Kim prefers, however, to emphasize Doosan Heavy's success in setting up conventional thermal power plants--all told, bigger revenue earners than its nuclear program. "We have the total capability to produce power from any source,"he says. The firm's single biggest project right now is a deal for building plants at Rabigh, near Jeddah, on the Red Sea for Saudi Electric Power.

The plants are under construction and should be complete in 42 months at a total cost of $3.5 billion. Most important, he says, Doosan is providing engineering, procurement and construction services, or EPC, for the Rabigh plants, as well as the key components.

"This project is opening the market for using our own machines,"says Kim, the EPC boss. Saudi Arabia's plans to build still more plants creates new prospects for Doosan Heavy in strong competition with European and Japanese rivals. "Currently Doosan Heavy is able to go ahead with five or six projects, conducting all EPCs simultaneously,"he says. It ultimately aims to carry off ten at any given time.

On the desalination front Doosan has now built five plants in Saudi Arabia, with five more under construction. The UAE and Kuwait each have five plants, followed by Libya with two, and one each in Qatar and Oman. The company claims to be the world leader with its technology for "multistage flashing,"a technique in which seawater is converted to fresh water by evaporation.

Doosan has 40% of the multistage flashing market, says Yun Seokwon, 55, CEO of the water business group. Desalination was another vestige of the Korea Heavy takeover; Yun was in sales and marketing there.

Doosan's biggest water project is under construction in the industrial port of Ras Al Khair on Saudi Arabia's eastern coast that combines ?multistage flashing with reverse osmosis to filter out impurities. The goal is enough water to meet the daily needs of about 3.5 million people. The project is set for completion in 2014 at a cost of $1.7 billion.

Doosan has managed to stay centered amid its own and economic upheaval generally in recent years. "Now Doosan companies are considered quite capable,"says Hank Morris, financial advisor at Triple-A Partners, a Hong Kong investment advisory firm. "They have a long history and engineering capability."Somehow, he says, Doosan has weathered the global financial crunch, as well as unrest in the Mideast. "The construction industry has slowed down across the board,"he says. "Doosan is doing reasonably well."

Doosan Heavy is, to be sure, a company with an unusual past. From its origins as a textile merchant, the group christened Doosan ("little grains of sands that together make a mountain?) in 1925 later included Korea's biggest beer producer.

That dominance, through the OB, or Oriental Breweries, brand ended with the sale of the business a decade ago amid the corporate makeover that included the Korean Heavy aggregation, now Doosan Heavy, the group's largest entity.

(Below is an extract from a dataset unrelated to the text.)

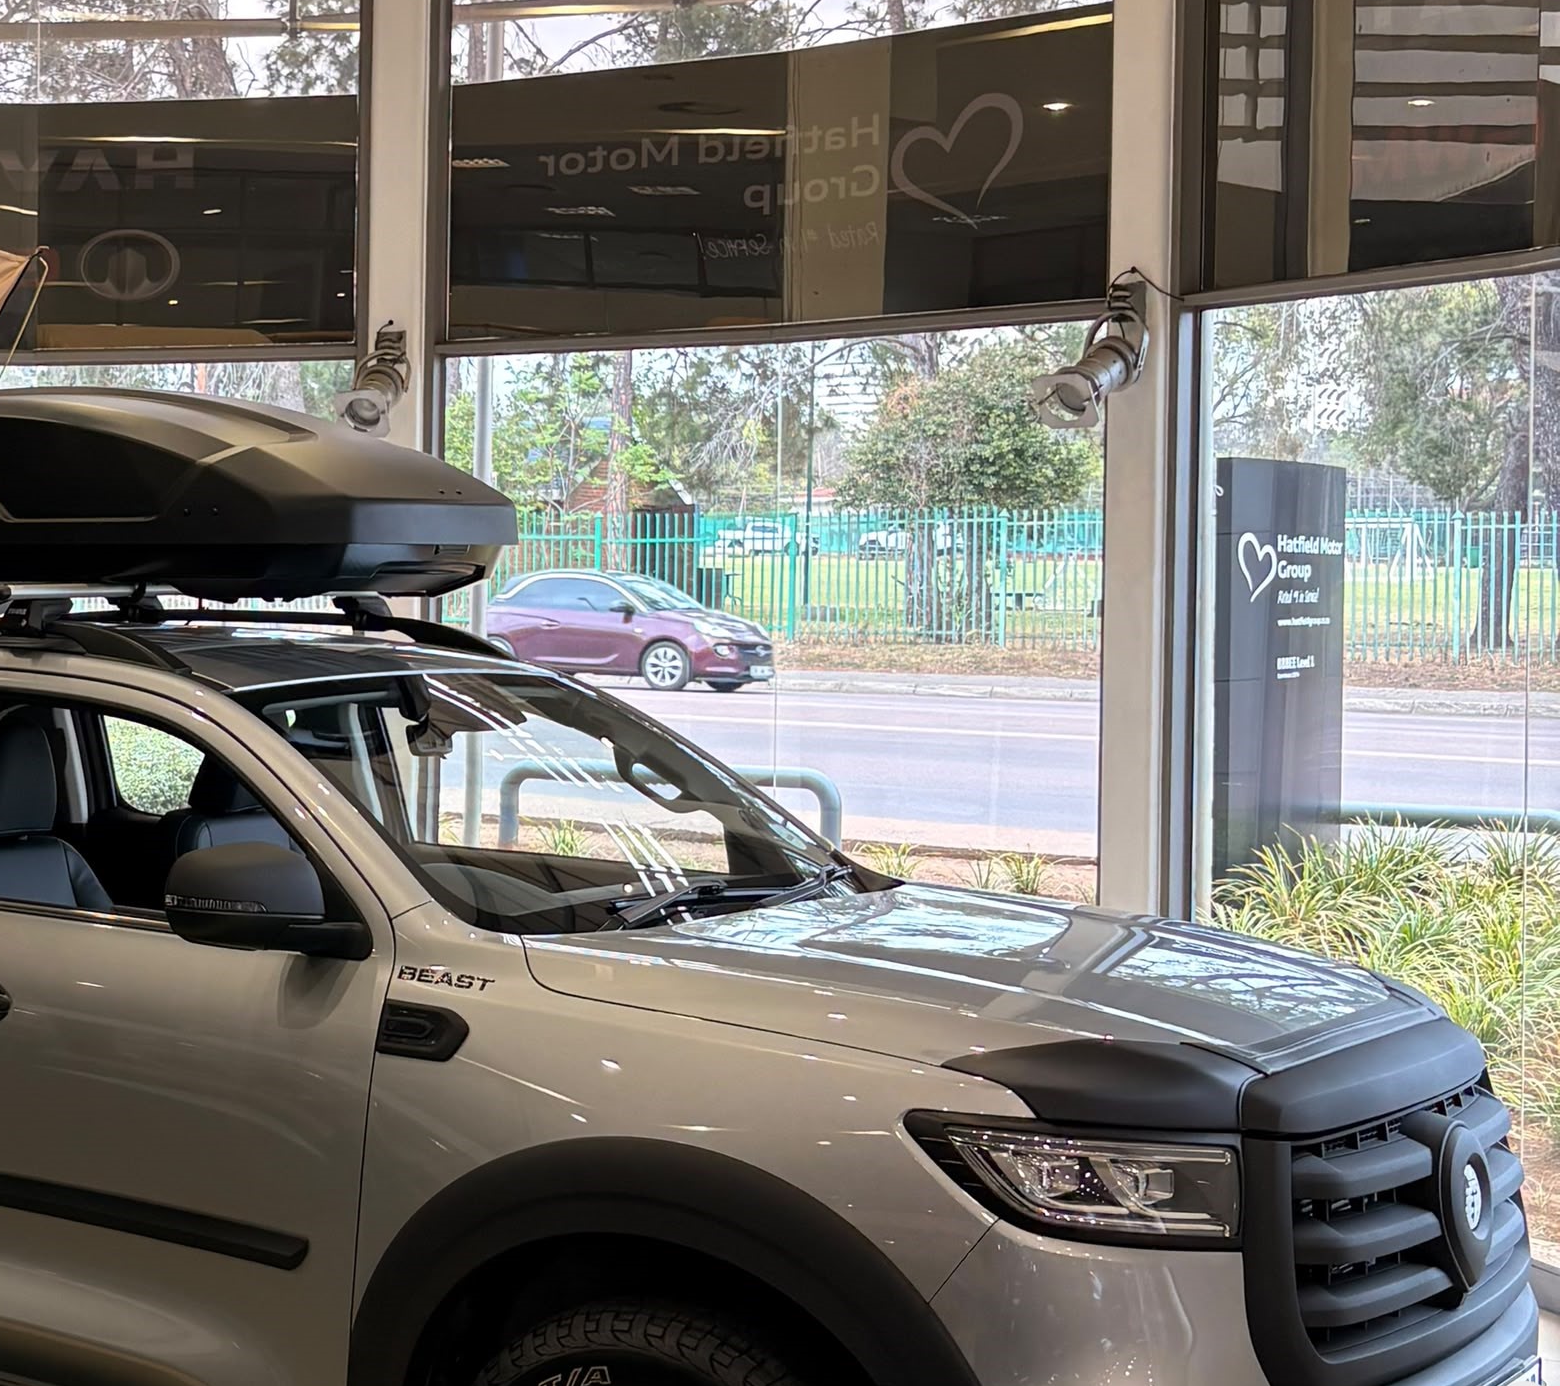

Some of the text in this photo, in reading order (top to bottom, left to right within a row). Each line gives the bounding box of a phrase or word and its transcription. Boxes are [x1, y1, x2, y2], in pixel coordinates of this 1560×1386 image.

In the process, the group survived and thrived despite bitter battles for control and direction among the third-generation brothers, grandchildren of founder Park Seung-jik. Doosan Heavy Chairman Park Geewon, 47, a great-grandson, was not made available for this article, nor was his photo.

The Doosan mantra is to improve lives by bringing electricity and water to billions in short supply of both. "We tried to consider how we can help people," says Kim Huntak, CEO for power provision. "The Park family considered this change from the mid-1990s and on to the fourth generation."

Or, as another company official carefully puts it, "Doosan Group successfully restructured its portfolio from consumer products and services to infrastructure support."